The final few paces along the road to passage of Senate Bill 3 were difficult ones, however. After a speech from Upper Peninsula State Representative Dominic Jacobetti in November which blamed the problems of the nearly-bankrupt Chrysler Corporation on environmental laws, the House Conservation Committee weakened the legislation to stall wetlands regulation in counties with populations of less than 100,000 until the state DNR conducted an inventory of their wetlands and provided notice to affected landowners. Swallowing hard, the coalition supporting the bill accepted the change, but defeated another which would have enabled landowners whose property values were diminished by the bill to go to court and seek an order to force the state to purchase the property at the previous market price, compensate the landowner for the lost value, or modify the agency decision to preserve the market value. The amendment actually passed 56-42 on its first try, but was later stripped from Senate Bill 3.
Final passage of the bill occurred late the final night of the legislative session in 1979. Jane Elder of the Sierra Club watched with friends from the Senate gallery and began to believe enough senators would flee late at night to kill the bill. “I don’t think so,” one of her peers said. “Look at the doors down there.” UAW representatives stood outside the Senate chambers, sending the message that senators who deserted the vote were spurning the union as well as wetlands protection.

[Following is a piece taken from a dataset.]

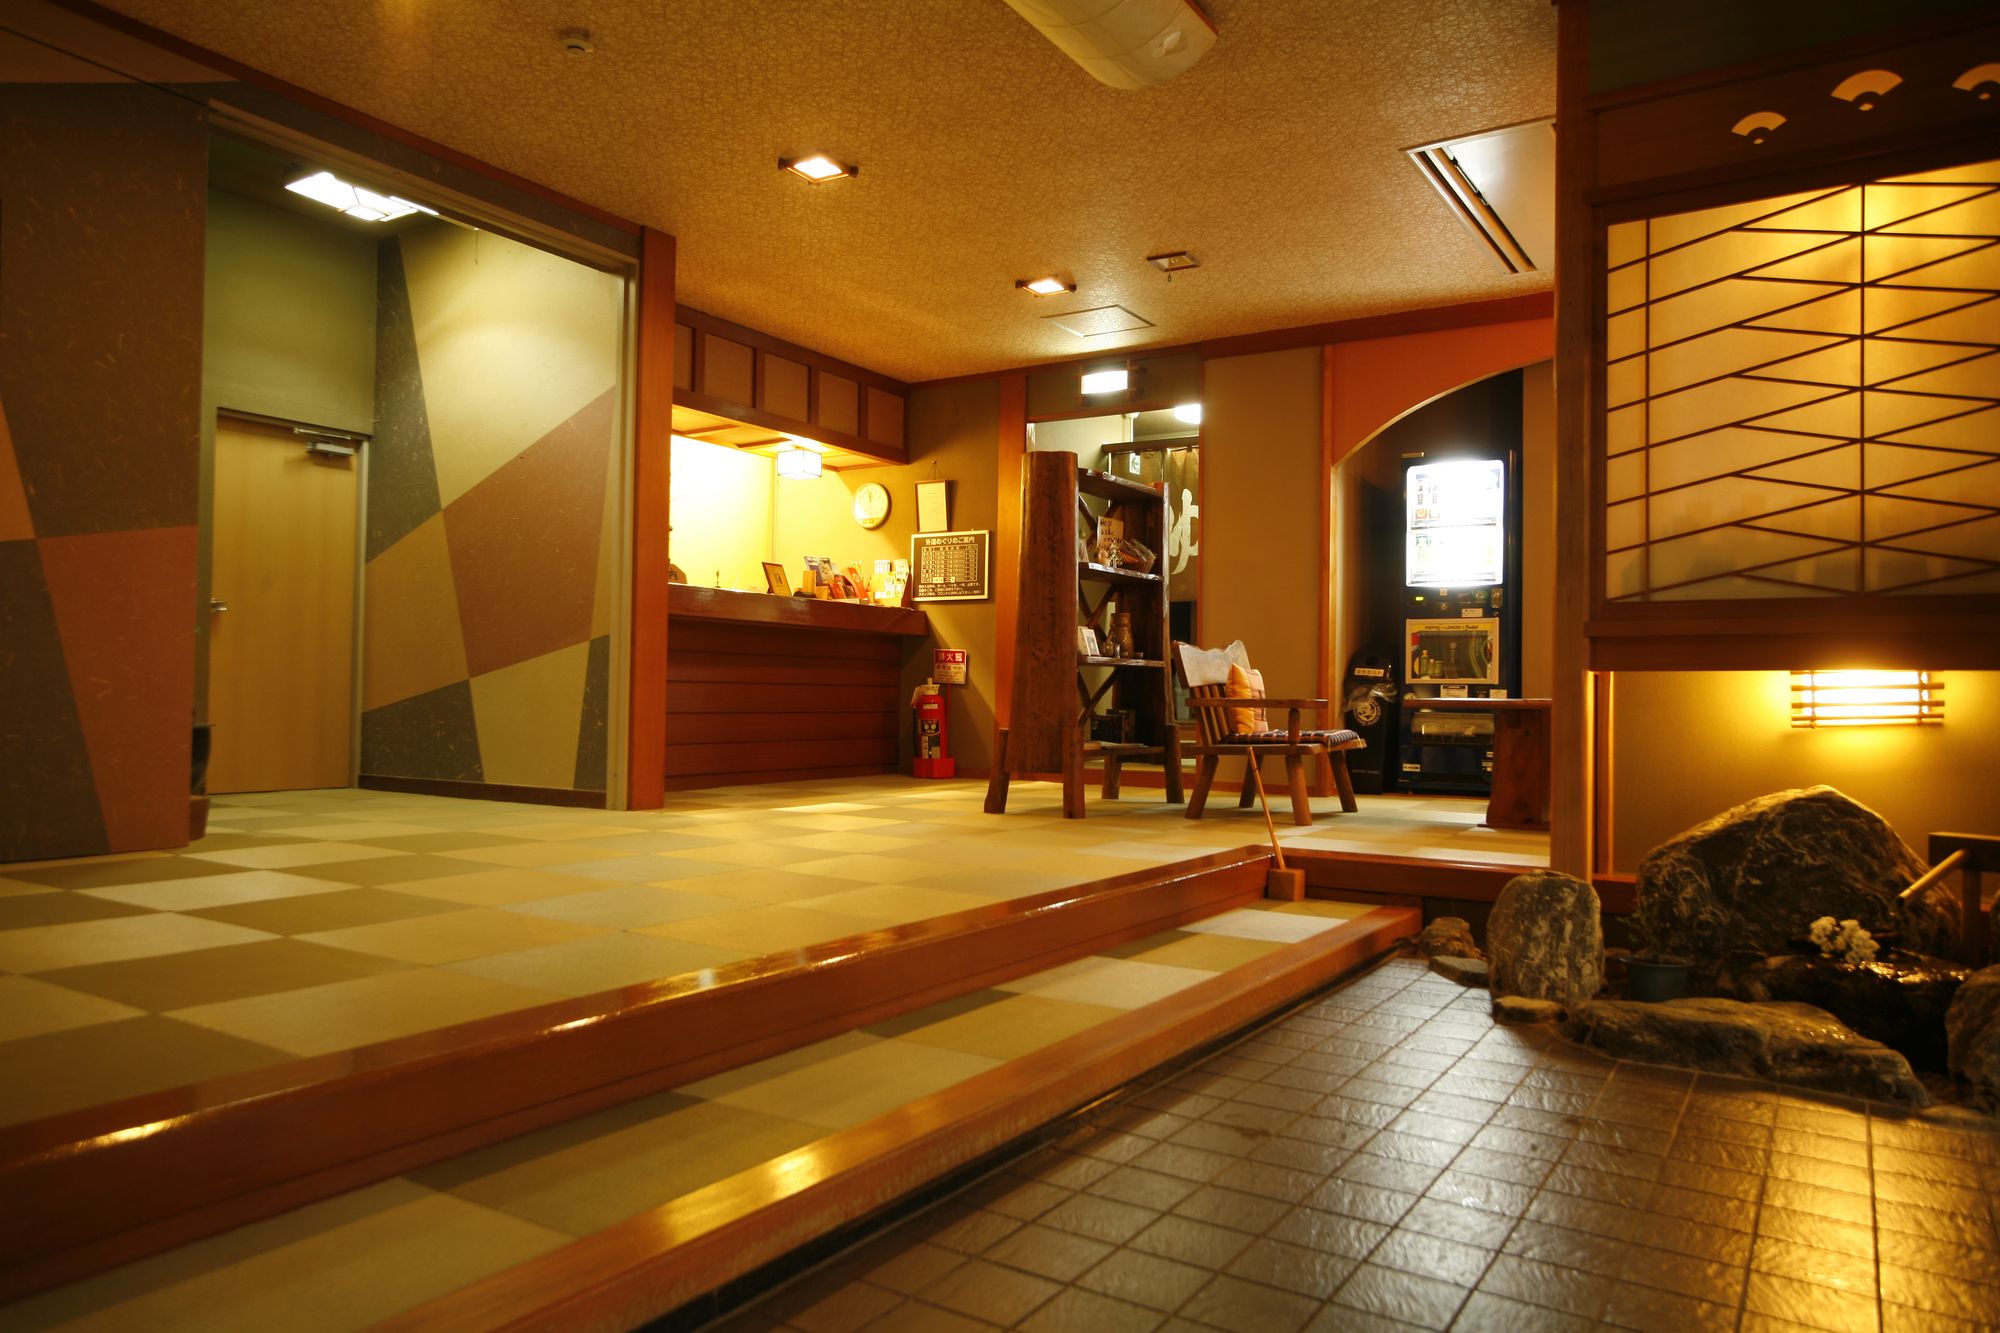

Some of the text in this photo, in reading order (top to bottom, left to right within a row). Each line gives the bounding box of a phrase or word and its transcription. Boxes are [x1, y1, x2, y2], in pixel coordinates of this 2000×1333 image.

[925, 536, 975, 545] 外湯めぐりのご案内
[937, 652, 963, 662] 消火器

The majority favoring the bill held. “It was a glorious moment for coalitions in Michigan,” Elder said.[9]
Renamed the Goemaere-Anderson Wetlands Protection Act in honor of its original sponsors, former Representative Warren Goemaere and Tom Anderson, the bill became law in 1980. Not long after, Sobetzer quit EMEAC to live in the Vermont, where his family had summered in his childhood. “I never liked living in the suburbs, in apartments that reminded me of animal cages, connected by traffic jams, far from friends and family and natural places. I wanted to hike around and live in the mountains,” he said.
His work had brought a fitting end to a monumental decade of environmental energy and accomplishment in the Capitol and the nation. The U.S. Congress had passed a strong Clean Air Act in 1970, the Clean Water Act in 1972, and dozens of other major environmental laws. At the State Capitol, Governor Milliken had urged legislators on; Wolfe, Washington and Sobetzer had fiercely lobbied them; skillful conservation-minded legislators like Anderson had engineered support from just enough of their colleagues; and editorial writers and common citizens had entreated and scolded lawmakers to do the right thing. In ten years, the Legislature had approved more than 20 major environmental laws – and the people themselves had approved one in the voting booth.
[1] “The Reclaiming of Drowned Lands,” Henry F. Lyster, A.M., M.D., Seventh Annual Report of the Secretary of the State Board of Health for the Fiscal Year Ending Sept. 30, 1879, 1880.
[2]Discovering the Unknown Landscape: A History of America’s Wetlands, Ann Vileisis, Island Press, Washington, D.C., 1997, p. 76.
[3] “Wetland Trends in Michigan Since 1800: A Preliminary Assessment,” Patrick Comer, Michigan Natural Features Inventory, Michigan Department of Natural Resources, June 1996.
[4] “Wetlands Bill Dies in Senate Conservation Committee,” Michigan Earth Beat, December 17, 1976.
[5] Interview, October 1999.
[6] Personal communication, October 17, 1999.
[7] “Wetlands: Murky Dealings in the Senate Threaten Needed Protection,” Detroit Free Press, February 26, 1979.
[8] Editorial broadcast February 28 and March 1, 1979.
[9] Personal communication, April 17, 2000.